The reason I started my own company was pretty simple. I wanted to chart my own course - make the games that *I* wanted to develop. I'm in this industry because I love games and love making games. I could have made a lot more money by working at Google or Microsoft, but it's hard to beat really enjoying your work. And for me, the ultimate expression of that is to not only program games that someone else designed, but to try my hand at creating the entire thing by myself.

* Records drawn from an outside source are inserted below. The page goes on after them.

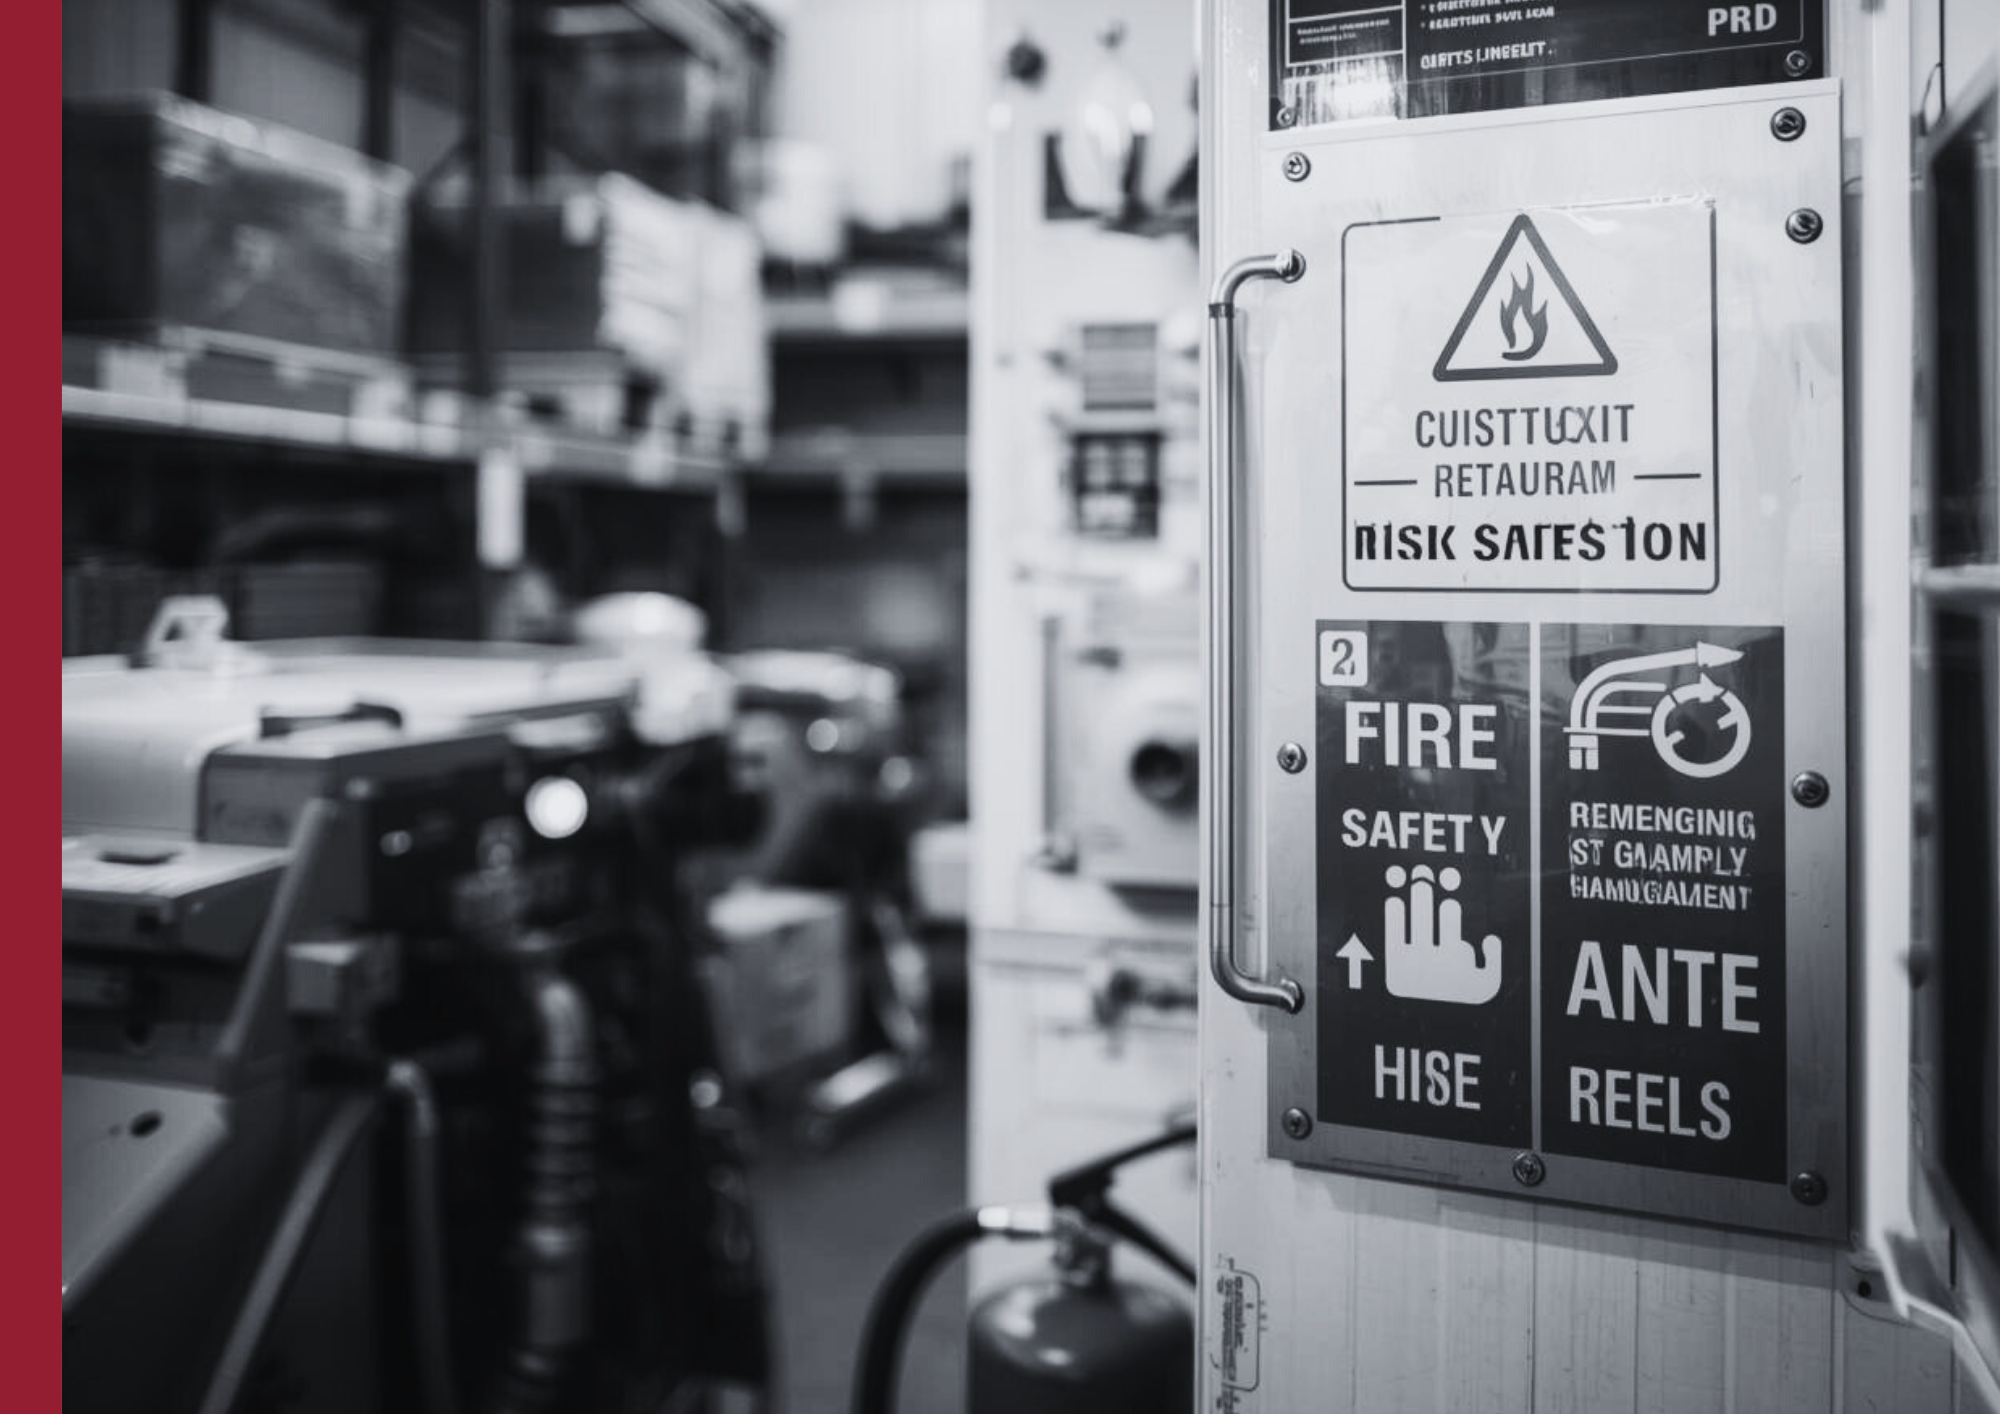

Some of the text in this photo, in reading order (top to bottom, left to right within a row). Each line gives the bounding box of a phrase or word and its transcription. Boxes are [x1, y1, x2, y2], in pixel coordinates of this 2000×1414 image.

[1707, 4, 1777, 37] PRD
[1345, 701, 1497, 770] FIRE
[1341, 808, 1506, 855] SAFETY
[1566, 940, 1760, 1033] ANTE
[1374, 1044, 1481, 1110] HISE
[1570, 1066, 1732, 1141] REELS

It's an incredibly risky endeavor - I figure I only have about a 50/50 shot at making it past the first game to continue with a sequel. But I'd rather regret trying this and failing then not failing at all. I harbor no illusions about becoming super successful like Notch - it's not wise to plan on lightning striking, but hell, I sure wouldn't mind, because that would let me continue doing this indefinitely. Rather, I'm hoping to be successfully enough to continue self-development. I require only a modest amount of success because I have reasonably low overhead, being just me developing the game. So, that's my definition of success - just successful enough to make a sequel, and I can start building my company from the ground up that way.

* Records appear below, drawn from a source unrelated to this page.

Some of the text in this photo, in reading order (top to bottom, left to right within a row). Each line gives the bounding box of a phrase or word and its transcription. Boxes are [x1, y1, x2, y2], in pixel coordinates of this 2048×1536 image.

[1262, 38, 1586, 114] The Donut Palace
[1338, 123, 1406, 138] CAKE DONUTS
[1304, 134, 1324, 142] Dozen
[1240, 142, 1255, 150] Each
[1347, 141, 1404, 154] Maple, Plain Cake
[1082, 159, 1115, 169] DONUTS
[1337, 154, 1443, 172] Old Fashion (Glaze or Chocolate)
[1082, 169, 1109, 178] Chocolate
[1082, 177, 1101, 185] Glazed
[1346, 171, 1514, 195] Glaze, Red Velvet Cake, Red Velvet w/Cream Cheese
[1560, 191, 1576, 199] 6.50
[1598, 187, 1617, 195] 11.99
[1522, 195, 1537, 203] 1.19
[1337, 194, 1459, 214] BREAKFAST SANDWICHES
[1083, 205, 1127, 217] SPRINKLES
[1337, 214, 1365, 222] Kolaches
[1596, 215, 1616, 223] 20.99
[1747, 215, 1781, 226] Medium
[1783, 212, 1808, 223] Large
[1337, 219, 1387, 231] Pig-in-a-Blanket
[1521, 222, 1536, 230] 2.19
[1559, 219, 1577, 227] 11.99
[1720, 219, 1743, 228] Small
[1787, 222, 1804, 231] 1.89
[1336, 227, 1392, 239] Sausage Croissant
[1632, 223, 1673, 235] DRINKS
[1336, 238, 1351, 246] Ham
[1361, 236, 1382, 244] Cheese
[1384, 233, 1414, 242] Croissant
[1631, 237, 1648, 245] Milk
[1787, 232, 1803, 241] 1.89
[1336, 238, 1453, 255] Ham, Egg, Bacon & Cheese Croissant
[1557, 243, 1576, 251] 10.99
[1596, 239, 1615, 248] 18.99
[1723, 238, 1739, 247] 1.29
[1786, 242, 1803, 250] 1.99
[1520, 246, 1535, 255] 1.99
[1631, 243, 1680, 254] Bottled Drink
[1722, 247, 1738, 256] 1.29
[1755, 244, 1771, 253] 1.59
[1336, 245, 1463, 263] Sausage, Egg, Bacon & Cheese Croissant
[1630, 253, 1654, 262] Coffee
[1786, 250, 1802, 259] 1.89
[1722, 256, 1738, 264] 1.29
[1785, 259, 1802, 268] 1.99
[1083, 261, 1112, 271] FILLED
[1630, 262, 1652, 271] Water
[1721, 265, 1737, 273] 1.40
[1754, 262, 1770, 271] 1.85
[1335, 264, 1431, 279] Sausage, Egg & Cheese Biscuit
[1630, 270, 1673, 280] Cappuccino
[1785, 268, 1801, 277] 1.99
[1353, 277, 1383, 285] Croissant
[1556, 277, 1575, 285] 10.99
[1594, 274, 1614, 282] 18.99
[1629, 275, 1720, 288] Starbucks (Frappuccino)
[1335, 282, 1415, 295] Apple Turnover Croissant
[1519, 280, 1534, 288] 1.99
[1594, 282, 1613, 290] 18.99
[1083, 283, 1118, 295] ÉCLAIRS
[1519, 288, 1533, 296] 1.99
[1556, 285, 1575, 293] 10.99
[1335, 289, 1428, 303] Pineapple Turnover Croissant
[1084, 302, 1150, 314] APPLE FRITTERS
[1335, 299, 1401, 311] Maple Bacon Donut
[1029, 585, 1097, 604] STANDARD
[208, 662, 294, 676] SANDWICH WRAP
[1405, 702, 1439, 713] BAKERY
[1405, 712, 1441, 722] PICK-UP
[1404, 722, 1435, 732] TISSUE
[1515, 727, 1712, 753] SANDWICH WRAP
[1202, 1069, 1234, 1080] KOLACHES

When I talked to my colleagues at work, I was surprised to hear how envious they were at what I was attempting. After all, they're working at what I'd consider to be one of the top game companies in the world, and probably the best place I've ever worked in my career over fifteen years. It's not that they were unhappy there, but it seems like every game developer has the same sort of desire - to try their own hand at creating their own game, with no strings attached.

After over a year of working on my own, I'm still loving being independent. I work long hours, but I set those hours myself, of course. It's hard to stay motivated all the time, except that I see my savings slowly draining to zero (I'm funding my own game). When I run into a technical problem, I can't walk over and ask one of my colleagues for advice. Nor can I really do that when making a design decision (a new job for me, as I'm a programmer by profession), and that's sort of difficult. But overall, I wouldn't have traded this experience for anything. If I do have to go back to work for someone else, I know that I'll be a much better programmer as a result of broadening my experience like this (having to build a modern game by myself from start to finish).

Re:Grass is always greener (1)

binarylarry (1338699) | about a month and a half ago | (#47409077)

LOL regular paychecks

Re:Grass is always greener (1)

UnknownSoldier (67820) | about a month and a half ago | (#47411323)

Agreed. The cliche is:

The grass maybe greener [on the other side of the fence],
but it still has to be mowed !

Software development cycle (1)

Anonymous Coward | about a month and a half ago | (#47408041)

Idea, startup, going concern, acquired by someone who wants to use the brand, resign, repeat. The only difference this time is that indies this time around are more likely to be first-timers that couldn't get cozy studio jobs and don't want to put up with contract work.

Do they need to give a reason? (3, Informative)

Torp (199297) | about a month and a half ago | (#47408189)

Google "EA Spouse" for why you shouldn't be in the "mainstream" gaming industry.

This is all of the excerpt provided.